Even if fighting it out at the courthouse was a good way of resolving problems, at this time the lack of funds and important resources for the court system make litigation drawn-out, expensive and inadequate. In law cases, what takes time, costs money. For this reason alone, more and more litigants are looking for ways to resolve their cases without resorting to the court system.

Collaborative Divorce Saves Money

Collaborative divorce can save time, and time in money in legal proceedings

Any alternative to litigation could cost more if it fails, since you have to add its cost to the cost of going back to, or starting, litigation. Even if it succeeds, it could still cost more money if it took a lot of time to resolve. However, because both parties control the outcome, and in a far less acrimonious way, the benefits are immeasurable. Some judges say that if both parties go away upset, it was probably a good decision. The collaborative process strives to have the parties reach a resolution that is a win for both of them.

Mediation and settlement conferencing are the most common current alternatives to litigation. Both usually take place after all of the financial information has been provided (the “discovery” phase of the case,) and both often represent a last-ditch effort at resolution, frequently on the steps of the court house. Unfortunately, getting to this level of knowledge is usually the most expensive part of a family law case.

In a complex, high asset case where a lot is at stake and a lot is disputed, this phase can go on literally for years. This process is polarizing. By the time it is done, the parties are even angrier and more distrusting than when it began. Sometimes the lawyers are, too.

By contrast, the collaborative law process starts at the very beginning of the case. The  financial expert on the team gathers all financial information in an informal but thorough way. When you agree to the collaborative divorce method, you agree to cooperate by providing this information, and if needed, access to your personal financial advisors.

Within months, not years, the financial expert has all of the needed information, and can provide reports on matters such as how much income is available to pay support and what is the marital standard of living. The financial expert can promptly arrange for the appraisals of personal and real property.  The economic and time savings in the costs of discovery is enormous. You have saved time, and therefore saved money.

Even if the collaborative process ends before there is a settlement, the financial documents that the neutral financial expert got can still be used.

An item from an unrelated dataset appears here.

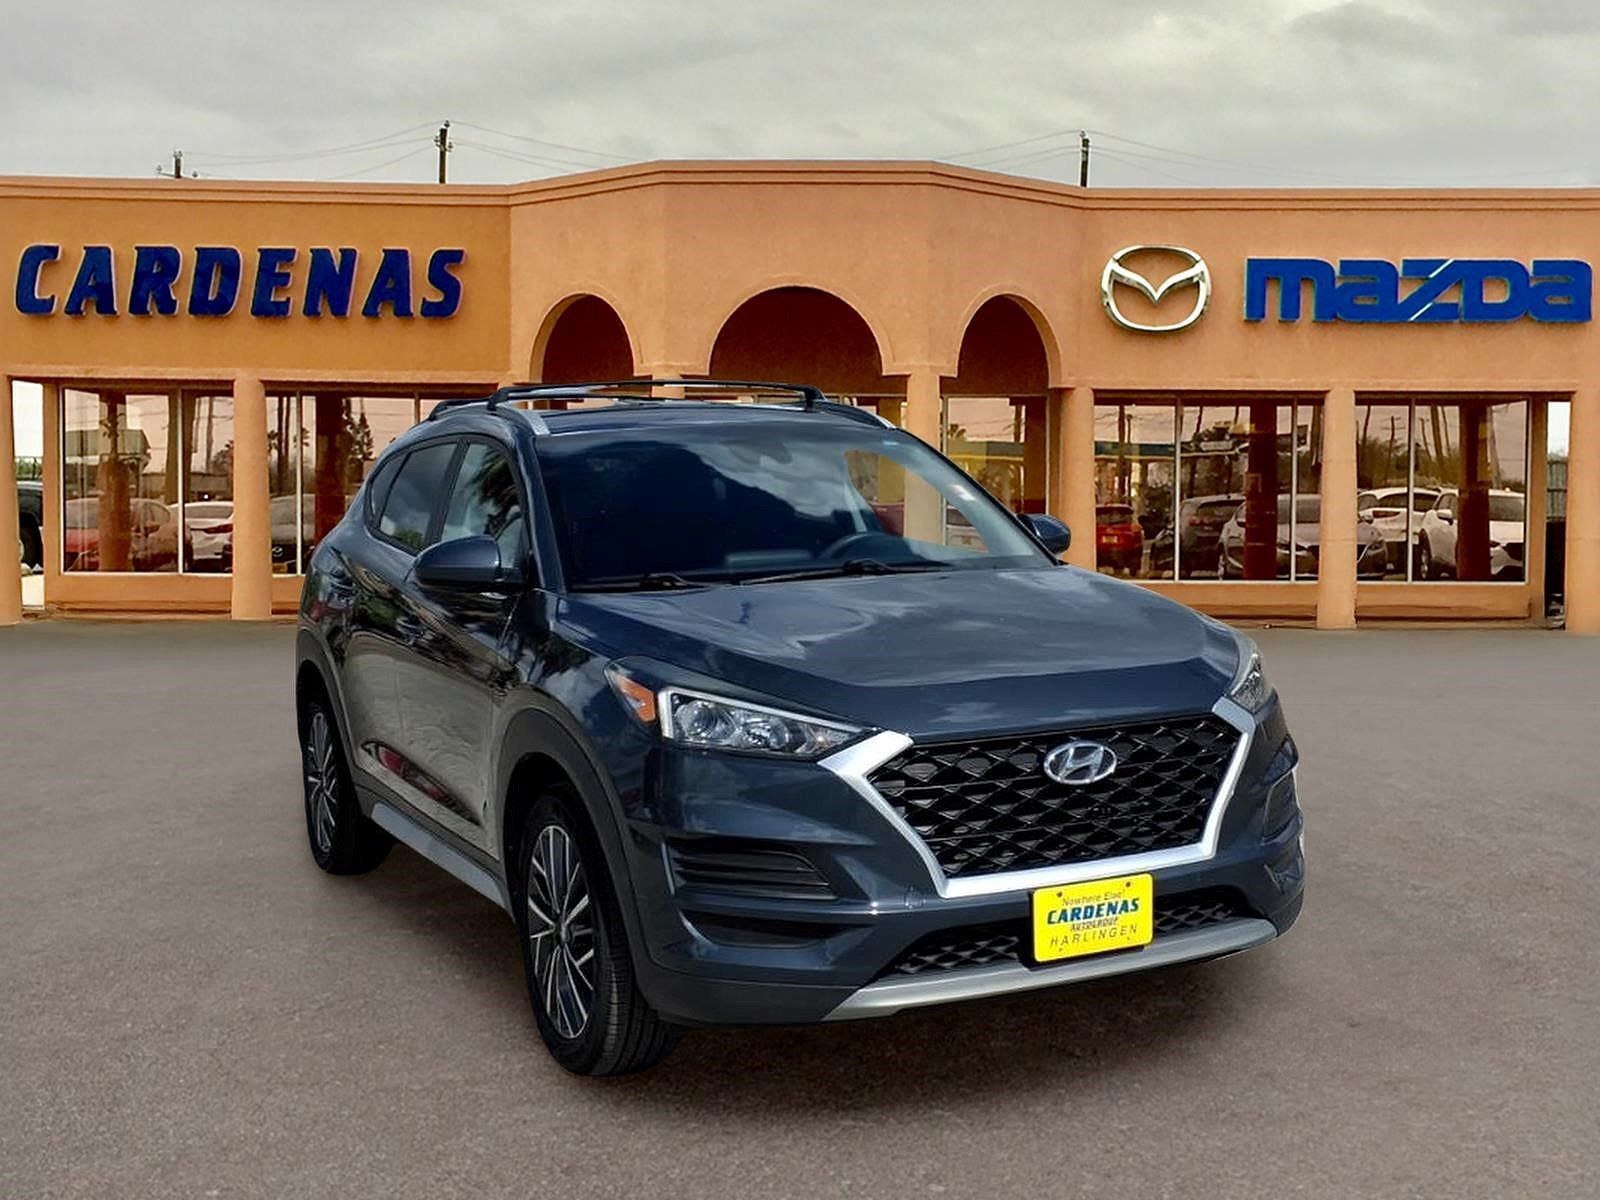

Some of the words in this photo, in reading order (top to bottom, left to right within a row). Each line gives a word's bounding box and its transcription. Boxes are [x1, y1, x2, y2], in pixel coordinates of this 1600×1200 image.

All or portions of the reports of the financial expert also can be used if both parties agree, which can help to narrow the future issues.

Most litigated cases take at least two years to complete and get to trial or settlement.  Many take far longer. At that point the “back-end” (after discovery is complete) mediations or settlement conferences can take a few sessions, but I have had complex cases that have taken a year or more to resolve in mediation or settlement conferencing. On the other hand, my experience in collaborative cases is that they usually conclude in just over a year.

The collaborative teams include a mental health professional coach for each party, an attorney for each party, a neutral financial expert and, if needed, a neutral child specialist.  Litigated cases usually have an attorney for each party, a financial expert for each party as well as possibly a neutral expert, a custody mediator and perhaps a custody evaluator. Not only are there fewer professionals in the collaborative process, but they do not overlap their work and are united in being solution-oriented. The addition of the collaborative coaches is a very valuable component. Coaches help the parties to learn to communicate more effectively and productively, which allows them to focus on their settlement issues. The education they provide is invaluable both for the settlement process, and after the case is over.

Does a collaborative divorce cost more? Since it saves time, discovery expense, and emotional stress and exhaustion, my answer is “no.”